■ **AIM OF THE TASK**:
Please restate all of the records word for word, setting the pictures aside.

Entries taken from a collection

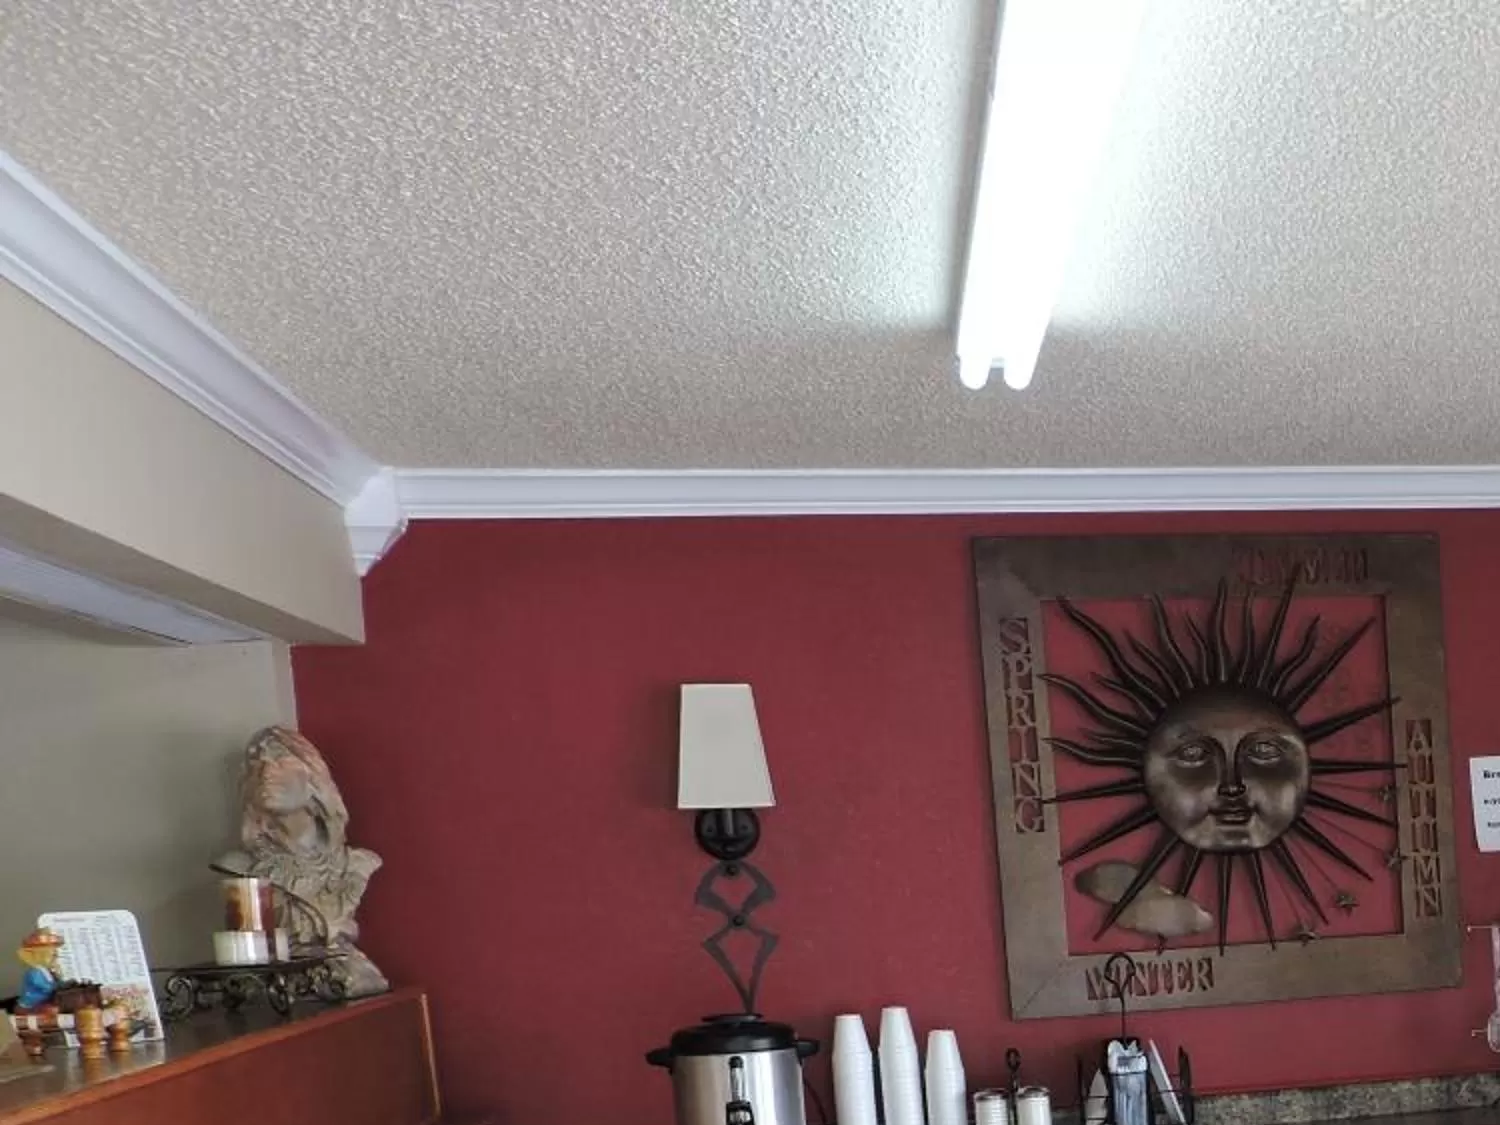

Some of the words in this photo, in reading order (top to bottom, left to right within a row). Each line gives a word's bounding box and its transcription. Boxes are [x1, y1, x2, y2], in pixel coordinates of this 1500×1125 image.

[1000, 617, 1045, 833] SPRING
[1405, 719, 1443, 918] AUTUMN
[1085, 957, 1214, 1000] WINTER
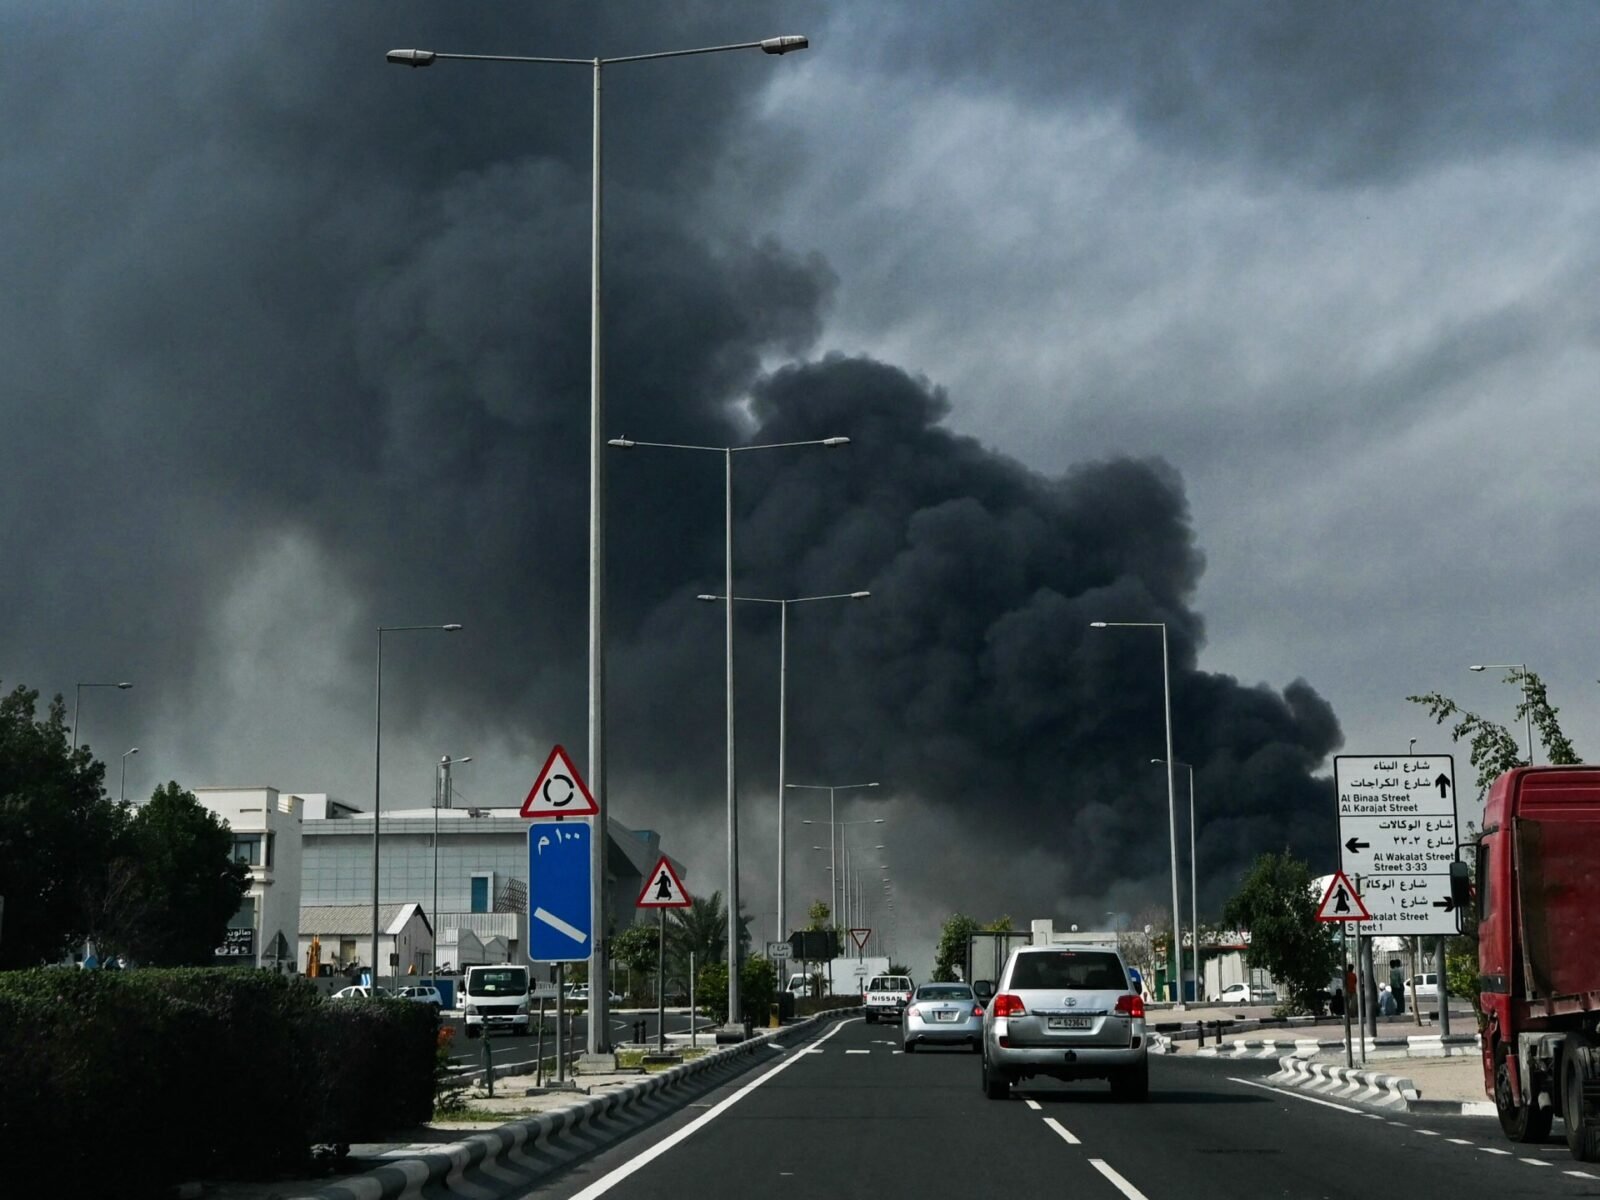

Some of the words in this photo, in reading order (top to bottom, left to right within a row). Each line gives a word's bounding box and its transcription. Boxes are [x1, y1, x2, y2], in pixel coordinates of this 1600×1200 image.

■ **PROBLEM SOLUTION**:
Some of the words in this photo, in reading order (top to bottom, left to right within a row). Each line gives a word's bounding box and its transcription. Boxes are [x1, y1, x2, y2], in pixel coordinates of this 1500×1125 image.

[1000, 617, 1045, 833] SPRING
[1405, 719, 1443, 918] AUTUMN
[1085, 957, 1214, 1000] WINTER

Some of the words in this photo, in reading order (top to bottom, left to right within a row). Each line gives a word's bounding box and its transcription. Boxes are [x1, y1, x2, y2], in pixel coordinates of this 1600×1200 image.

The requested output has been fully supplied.